1982 wanderte die griechische Fotografin Katerina Kalogeraki (geb. 1960) nach England aus. Die Distanz zur Familie ermöglichte in den 90er Jahren die Rückkehr auf Zeit und ein fotografisches Porträt von „My father’s land“ (Boîte à images, Obergässli 6). Es ist das extrem Karge, das Nackte von Stühlen und Tischen, einem Holzherd, einem Schulzimmer, das sie (wohl als Kontrast zu London) fasziniert. Sie zeigt es nicht als Ausdruck ländlicher Armut, sondern lässt es – auch in den Gesichtern der Olivien aussortierenden Menschen oder der alten Frau bei der Käseherstellung – als selbstbestimmte Bescheidenheit erscheinen. Manchmal verklärt der subjektive Blick zurück.

Die von Zonen blauen Neonlichts in städtischen Quartieren bestimmten Farbaufnahmen der jungen Zürcher Fotografin Françoise Caraco (geb. 1972) fallen aus dem Konzept von „objektiv/subjektiv“ (Schnetzler Design, Obergasse 22). Oder sie sind gar dessen Umkehrung. Denn anonyme Kälte städtischer Hinterhöfe und Mehrfamilienhausquartiere bestimmen das Klima der architekturbetonten Aufnahmen. Mehr noch: Durch die Wiederkehr von blauen Anti-Drogen-Licht-Zonen wird es geradezu aggressiv. Subjektivität im Sinne von Menschlichkeit, wie sie in den anderen Ausstellungen aufscheint, fehlt. Die Bildgruppe überzeugt jedoch durch konzeptuelle Geschlossenheit. Umso irritierender sind die unzusammenhängend wirkenden Finnland-Aufnahmen, welche die Künstlerin bei Oro Verde vis-à-vis (Obergasse 27) zeigt.

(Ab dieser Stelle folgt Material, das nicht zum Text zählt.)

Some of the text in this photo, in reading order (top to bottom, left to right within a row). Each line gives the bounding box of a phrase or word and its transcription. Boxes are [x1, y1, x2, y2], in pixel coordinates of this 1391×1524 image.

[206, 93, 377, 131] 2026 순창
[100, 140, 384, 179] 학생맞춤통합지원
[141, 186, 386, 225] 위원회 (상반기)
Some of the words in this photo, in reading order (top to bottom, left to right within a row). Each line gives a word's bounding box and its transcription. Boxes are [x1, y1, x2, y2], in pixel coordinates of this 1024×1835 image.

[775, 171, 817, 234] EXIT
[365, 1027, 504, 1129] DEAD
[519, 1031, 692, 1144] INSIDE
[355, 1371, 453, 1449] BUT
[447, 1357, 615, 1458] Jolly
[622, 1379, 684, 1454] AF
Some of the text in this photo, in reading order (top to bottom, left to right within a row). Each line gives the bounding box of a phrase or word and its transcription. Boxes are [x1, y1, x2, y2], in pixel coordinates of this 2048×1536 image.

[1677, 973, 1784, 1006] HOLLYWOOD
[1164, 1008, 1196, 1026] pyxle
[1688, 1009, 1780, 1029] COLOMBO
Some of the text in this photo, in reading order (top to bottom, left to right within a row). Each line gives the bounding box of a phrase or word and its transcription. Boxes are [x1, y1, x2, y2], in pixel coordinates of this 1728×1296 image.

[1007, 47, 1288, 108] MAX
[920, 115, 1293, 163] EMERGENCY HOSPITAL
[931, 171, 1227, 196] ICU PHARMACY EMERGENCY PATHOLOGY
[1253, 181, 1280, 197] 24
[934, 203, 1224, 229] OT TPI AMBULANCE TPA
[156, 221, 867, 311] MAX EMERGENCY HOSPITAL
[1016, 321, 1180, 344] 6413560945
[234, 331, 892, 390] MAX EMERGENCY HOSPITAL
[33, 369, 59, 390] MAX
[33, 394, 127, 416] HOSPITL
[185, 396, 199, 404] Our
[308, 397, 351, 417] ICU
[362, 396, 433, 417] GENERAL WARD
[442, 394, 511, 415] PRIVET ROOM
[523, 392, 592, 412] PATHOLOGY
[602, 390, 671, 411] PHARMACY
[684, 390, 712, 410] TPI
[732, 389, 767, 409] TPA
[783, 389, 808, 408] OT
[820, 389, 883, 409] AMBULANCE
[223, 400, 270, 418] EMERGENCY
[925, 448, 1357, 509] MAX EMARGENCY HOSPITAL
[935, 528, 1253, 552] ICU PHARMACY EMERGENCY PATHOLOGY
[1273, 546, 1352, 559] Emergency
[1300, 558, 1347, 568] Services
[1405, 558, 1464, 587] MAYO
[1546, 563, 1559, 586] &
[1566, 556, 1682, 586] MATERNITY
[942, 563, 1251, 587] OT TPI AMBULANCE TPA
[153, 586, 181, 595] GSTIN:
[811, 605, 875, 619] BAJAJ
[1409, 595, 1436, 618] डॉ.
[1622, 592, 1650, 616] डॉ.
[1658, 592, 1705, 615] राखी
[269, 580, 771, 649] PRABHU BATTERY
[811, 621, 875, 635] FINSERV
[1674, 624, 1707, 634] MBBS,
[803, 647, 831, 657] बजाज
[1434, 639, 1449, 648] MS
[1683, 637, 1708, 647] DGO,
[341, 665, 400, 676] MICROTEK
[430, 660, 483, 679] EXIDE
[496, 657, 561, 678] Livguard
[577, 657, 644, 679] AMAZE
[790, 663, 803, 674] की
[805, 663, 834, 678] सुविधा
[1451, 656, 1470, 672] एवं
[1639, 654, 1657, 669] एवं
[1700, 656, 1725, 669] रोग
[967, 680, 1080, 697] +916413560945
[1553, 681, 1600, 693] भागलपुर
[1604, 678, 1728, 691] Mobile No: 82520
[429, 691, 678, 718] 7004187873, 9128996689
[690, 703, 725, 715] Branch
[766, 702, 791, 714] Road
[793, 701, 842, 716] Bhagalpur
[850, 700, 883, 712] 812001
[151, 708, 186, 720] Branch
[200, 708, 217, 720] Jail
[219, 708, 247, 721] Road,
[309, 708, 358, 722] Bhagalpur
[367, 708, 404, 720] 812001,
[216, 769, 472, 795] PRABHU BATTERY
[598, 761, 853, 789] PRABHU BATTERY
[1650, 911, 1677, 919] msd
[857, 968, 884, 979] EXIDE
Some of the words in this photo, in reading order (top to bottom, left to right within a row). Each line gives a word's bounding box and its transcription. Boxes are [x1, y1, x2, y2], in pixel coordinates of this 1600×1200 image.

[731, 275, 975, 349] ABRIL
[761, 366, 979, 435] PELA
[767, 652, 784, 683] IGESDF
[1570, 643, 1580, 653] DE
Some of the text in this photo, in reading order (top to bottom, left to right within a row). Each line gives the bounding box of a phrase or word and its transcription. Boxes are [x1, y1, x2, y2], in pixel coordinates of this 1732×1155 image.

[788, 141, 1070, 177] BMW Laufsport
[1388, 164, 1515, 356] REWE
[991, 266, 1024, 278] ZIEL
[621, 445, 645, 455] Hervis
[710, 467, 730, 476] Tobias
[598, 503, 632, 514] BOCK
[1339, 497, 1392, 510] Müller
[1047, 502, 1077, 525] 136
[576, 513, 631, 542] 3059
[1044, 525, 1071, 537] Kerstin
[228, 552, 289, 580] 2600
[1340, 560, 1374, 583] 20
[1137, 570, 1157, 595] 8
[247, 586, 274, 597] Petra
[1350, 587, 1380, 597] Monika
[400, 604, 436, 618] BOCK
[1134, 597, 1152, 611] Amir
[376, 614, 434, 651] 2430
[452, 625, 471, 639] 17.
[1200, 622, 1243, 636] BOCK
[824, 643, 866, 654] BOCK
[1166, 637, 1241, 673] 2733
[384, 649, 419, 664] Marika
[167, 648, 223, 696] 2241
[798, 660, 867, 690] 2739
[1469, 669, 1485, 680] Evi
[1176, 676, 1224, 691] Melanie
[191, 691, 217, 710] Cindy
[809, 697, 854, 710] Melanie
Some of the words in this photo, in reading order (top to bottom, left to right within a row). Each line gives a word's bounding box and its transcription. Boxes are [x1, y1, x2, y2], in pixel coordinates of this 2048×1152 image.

Zu den Fototagen gehört auch eine „Carte blanche“. Wie 1999 erhielt sie Kunstvermittlungsort der ersten Stunde: Das Nikon Image House in Zürich. Es gab die „Carte Blanche“ dem jungen, in London lebenden Schweizer Fotografen Stefan Walter weiter. Dieser zeigt in der Kasbar eine Vielzahl von schwarz-weissen Kleinformaten, welche vor allem die Unschärfe und auch die Zufälligkeit beiläufigen Sehens thema-tisieren. Mal ist der Moment ein „Bild“, mal nur ein Fragment. Bewegungsun-schärfe fängt die Zeit, die Reise ein. Nicht Bildvermittlung steht im Zentrum, sondern eine Form des Sehens wie sie nur die Fotografie zeigen kann.

Überraschend ist schliesslich das „Junge Talent“ (Magietheater Arcanum, Obergasse 11). Nicht die Dias, welche Christophe Brunet – räumlich völlig verquer und inhaltlich wenig überzeugend – als Prozess einer Bildzerstörung durch Lichtwärme zeigt. Sondern die auf zeichnerische Wirkung reduzierte und gezielt beleuchte Grossaufnahme im Dunkel des Theaters. Sie zeigt eine männliche Figur mit eregiertem Glied in Christus-am-Kreuz-Pose. Es ist keine Pornographie, sondern wohl der emanzipatorische Versuch eines jungen Mannes, das katholische Dogma der Trennung von Geist und Körper zu durchbrechen.